Representing Brain Anatomical Regularity and Variability by Few-Shot Embedding

TL;DR

This paper introduces a novel few-shot embedding framework using a 3-hinge network to encode and compare cortical folding patterns, effectively capturing brain regularity and variability across diverse populations with limited data.

Contribution

It develops a new autoencoder-based embedding method that encodes brain folding regularity and individual differences, enabling reliable cross-brain anatomical correspondence inference with few samples.

Findings

Embeddings quantitatively encode commonality and individuality of cortical patterns.

Robustly infer complex anatomical correspondences across brains.

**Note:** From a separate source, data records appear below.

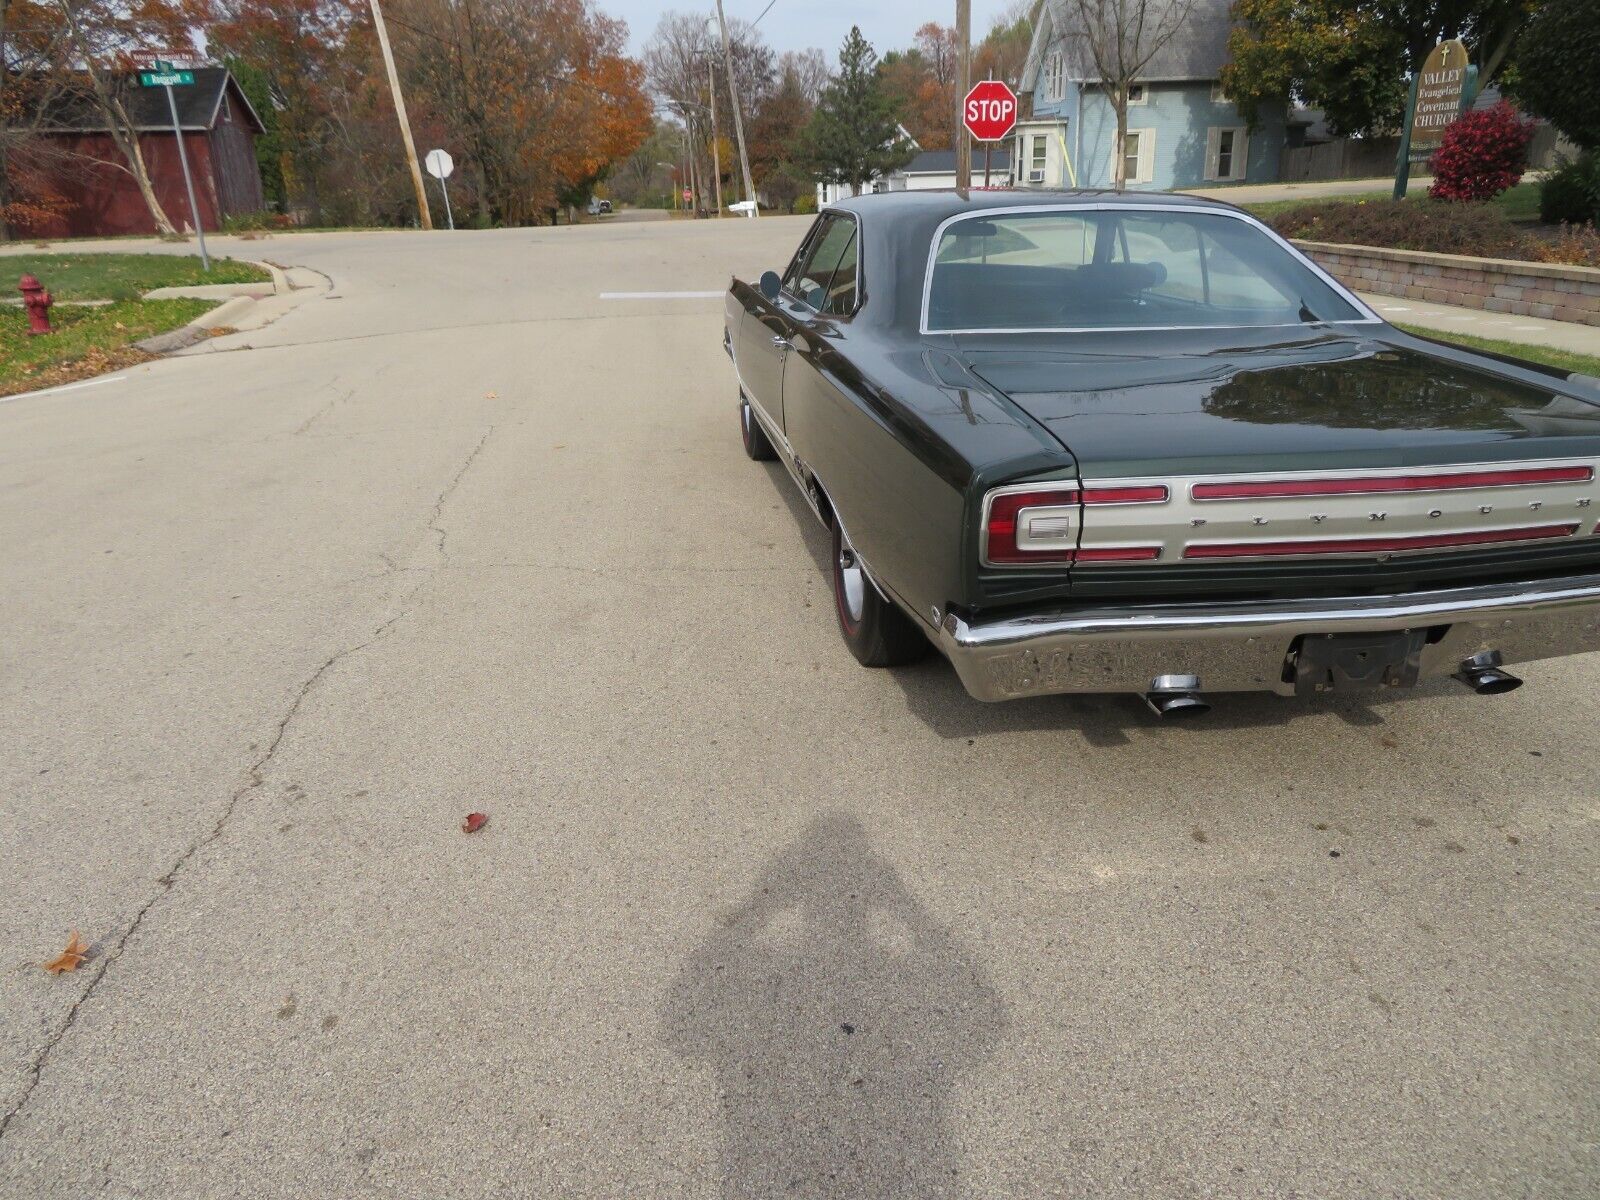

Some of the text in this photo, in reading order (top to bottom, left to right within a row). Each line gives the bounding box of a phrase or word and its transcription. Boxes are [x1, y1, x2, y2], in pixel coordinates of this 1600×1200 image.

[1425, 69, 1461, 84] VALLEY
[1419, 85, 1462, 98] Evangelical
[967, 99, 1013, 122] STOP
[1417, 100, 1460, 112] Covenant
[1190, 497, 1591, 527] PLYMOUTH
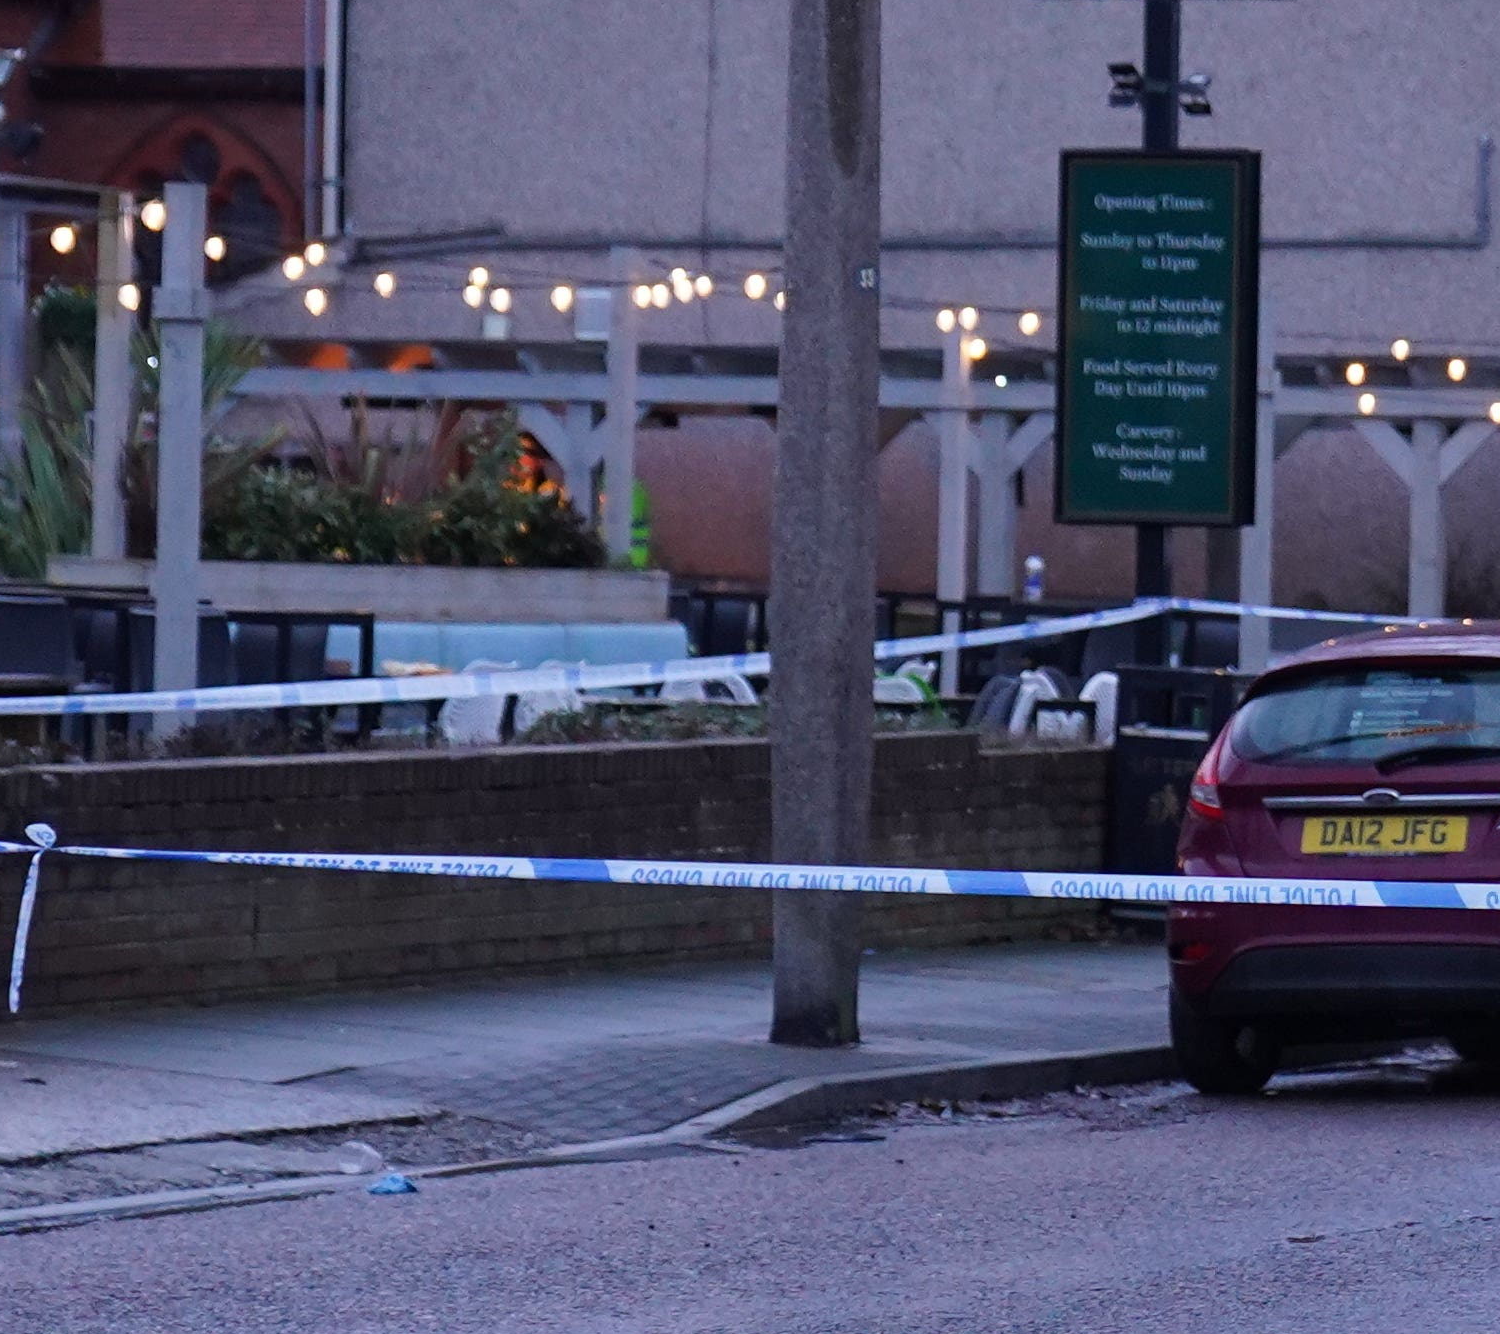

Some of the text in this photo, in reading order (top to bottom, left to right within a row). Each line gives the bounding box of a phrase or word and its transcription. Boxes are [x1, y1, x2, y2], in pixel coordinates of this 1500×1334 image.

[1093, 193, 1157, 213] Opening
[1156, 231, 1226, 253] Thursday
[1129, 296, 1157, 312] and
[1159, 295, 1225, 316] Saturday
[1082, 358, 1120, 375] Food
[1123, 358, 1174, 377] Served
[1094, 379, 1123, 400] Day
[1319, 819, 1448, 847] DA12 JFG
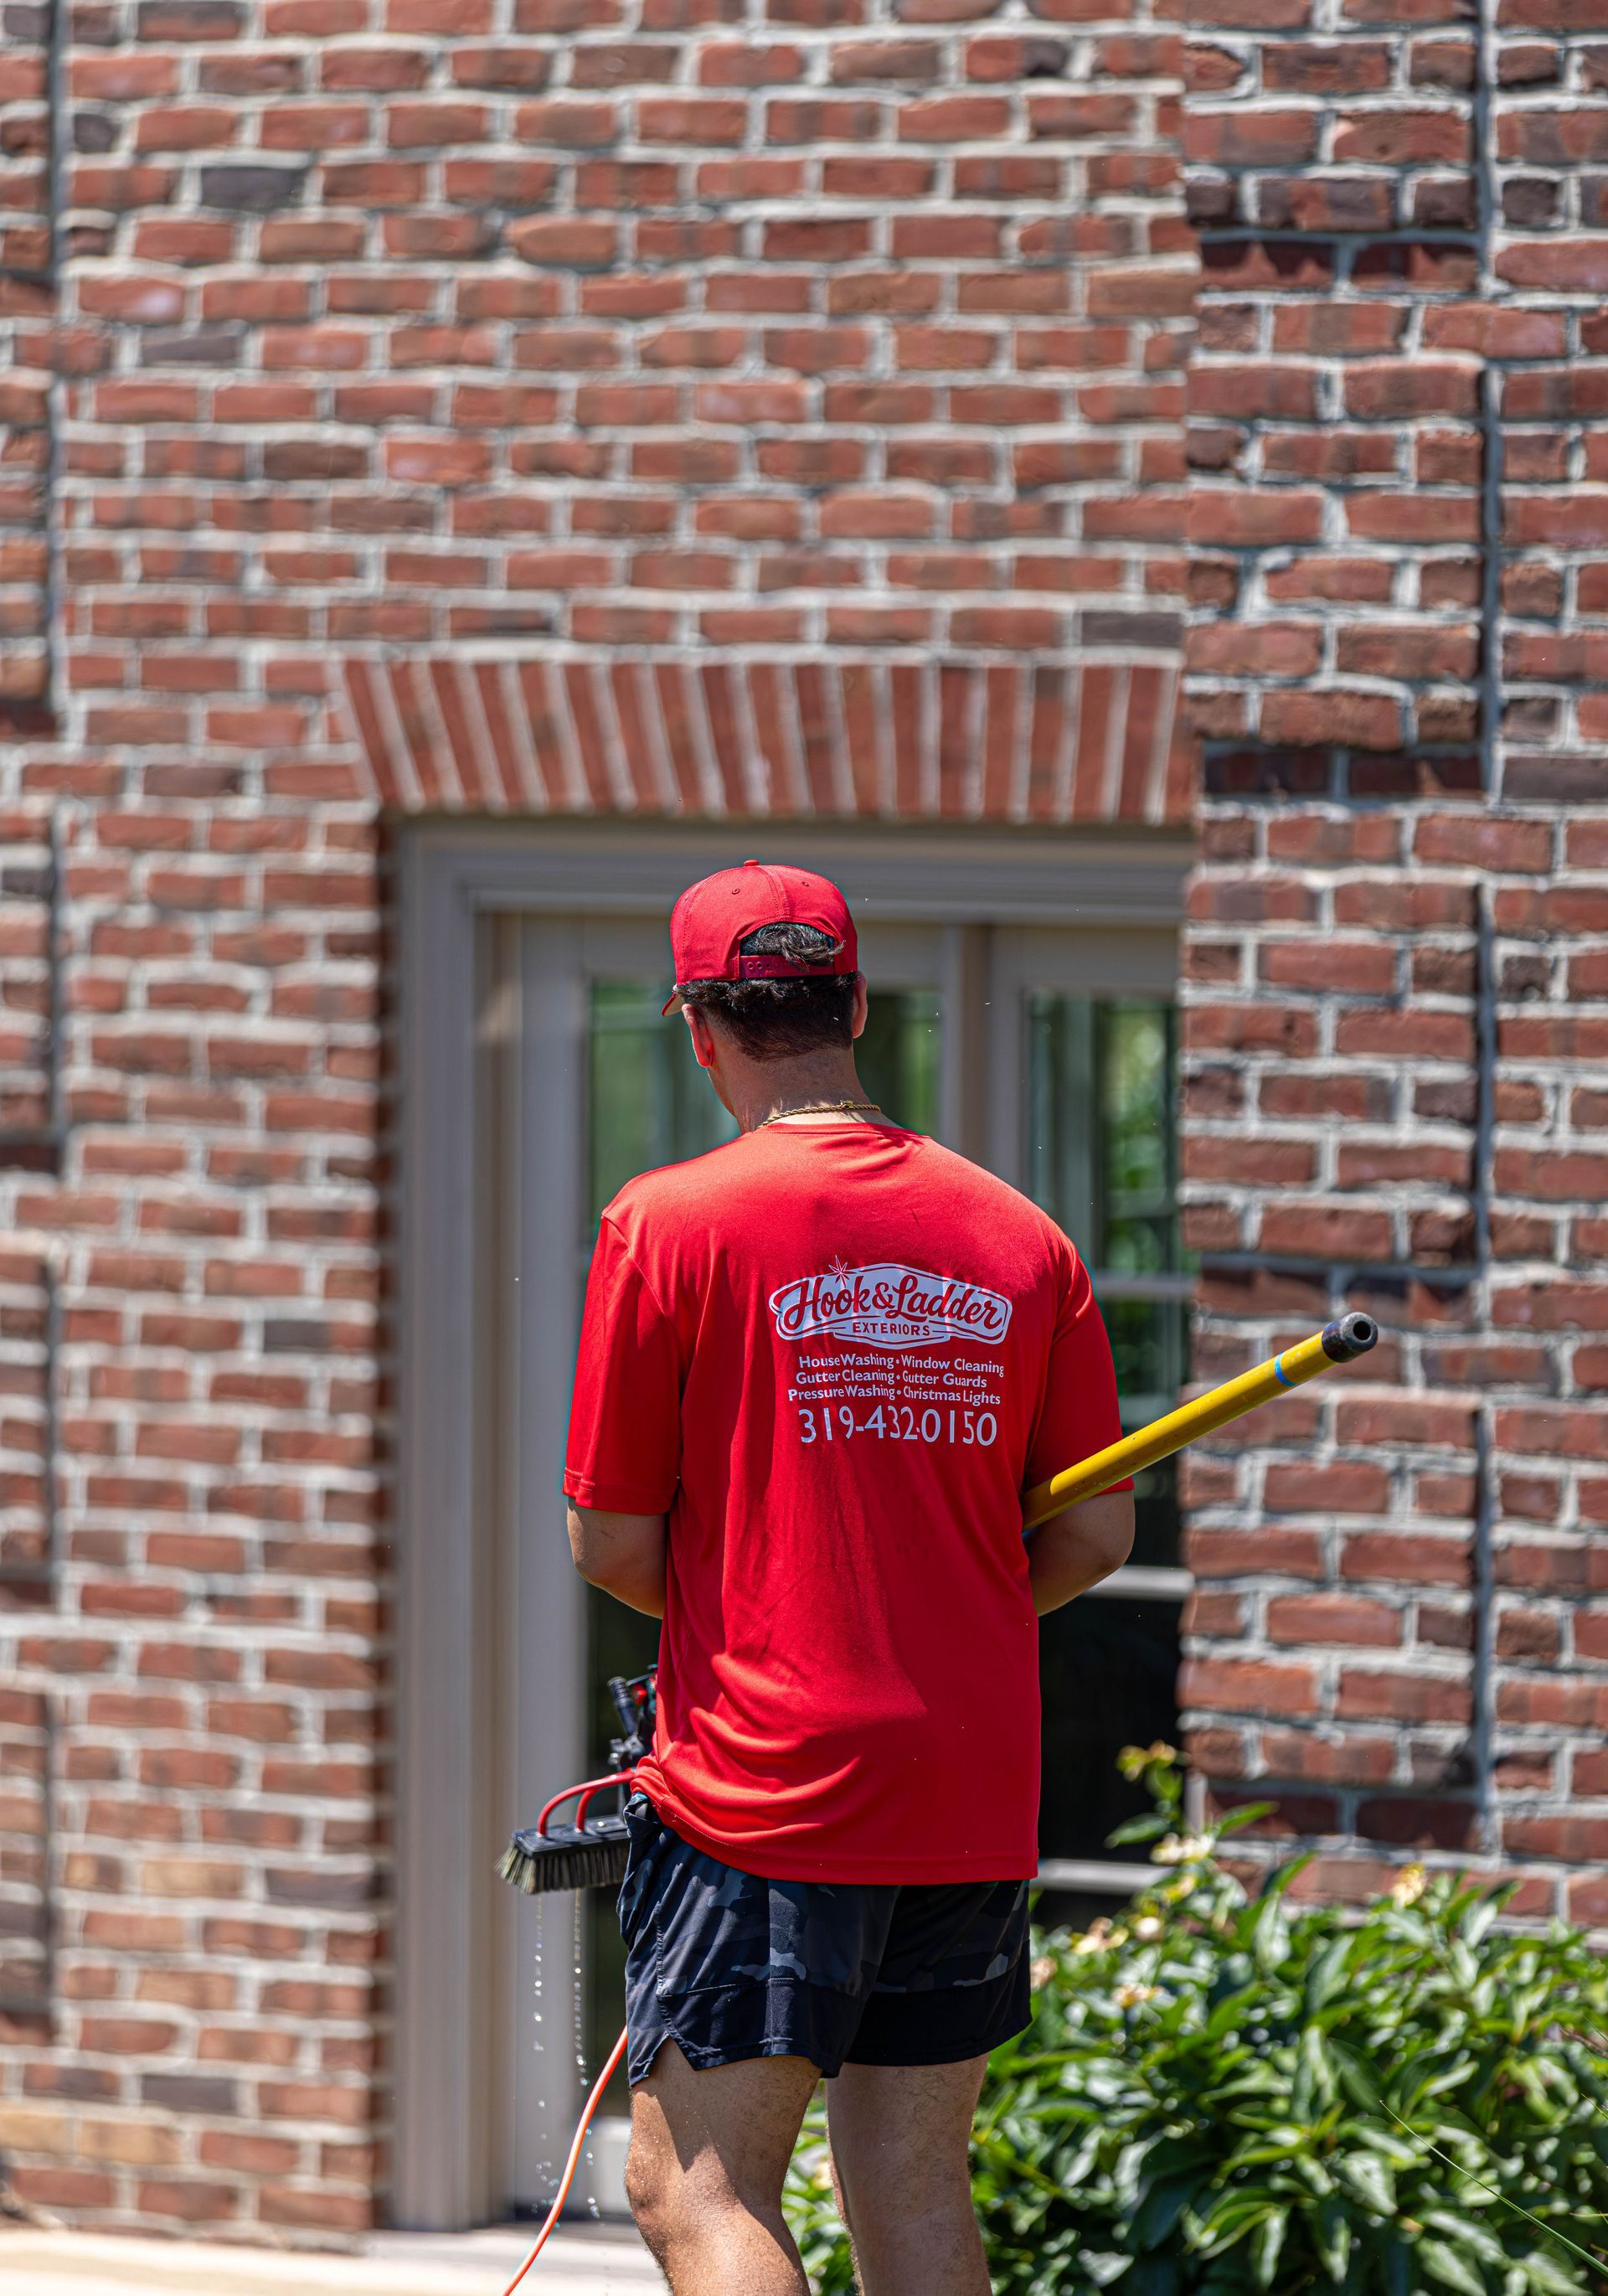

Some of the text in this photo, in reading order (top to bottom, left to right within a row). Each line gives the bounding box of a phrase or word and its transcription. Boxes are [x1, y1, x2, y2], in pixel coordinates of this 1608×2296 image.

[853, 1322, 930, 1335] EXTERIORS
[954, 1358, 1004, 1377] Cleaning
[796, 1370, 987, 1387] Gutter Cleaning Gutter Guards
[788, 1385, 1000, 1406] Pressure Washing Christmas Lights

Successfully transfer to new populations with limited training data.

Abstract

Effective representation of brain anatomical architecture is fundamental in understanding brain regularity and variability. Despite numerous efforts, it is still difficult to infer reliable anatomical correspondence at finer scale, given the tremendous individual variability in cortical folding patterns. It is even more challenging to disentangle common and individual patterns when comparing brains at different neuro-developmental stages. In this work, we developed a novel learning-based few-shot embedding framework to encode the cortical folding patterns into a latent space represented by a group of anatomically meaningful embedding vectors. Specifically, we adopted 3-hinge (3HG) network as the substrate and designed an autoencoder-based embedding framework to learn a common embedding vector for each 3HG's multi-hop feature: each 3HG can be represented as a combination of these feature embeddings via a set of individual specific coefficients to characterize individualized anatomical information. That is, the regularity of folding patterns is encoded into the embeddings, while the individual variations are preserved by the multi=hop combination coefficients. To effectively learn the embeddings for the population with very limited samples, few-shot learning was adopted. We applied our method on adult HCP and pediatric datasets with 1,000+ brains (from 34 gestational weeks to young adult). Our experimental results show that: 1) the learned embedding vectors can quantitatively encode the commonality and individuality of cortical folding patterns; 2) with the embeddings we can robustly infer the complicated many-to-many anatomical correspondences among different brains and 3) our model can be successfully transferred to new populations with very limited training samples.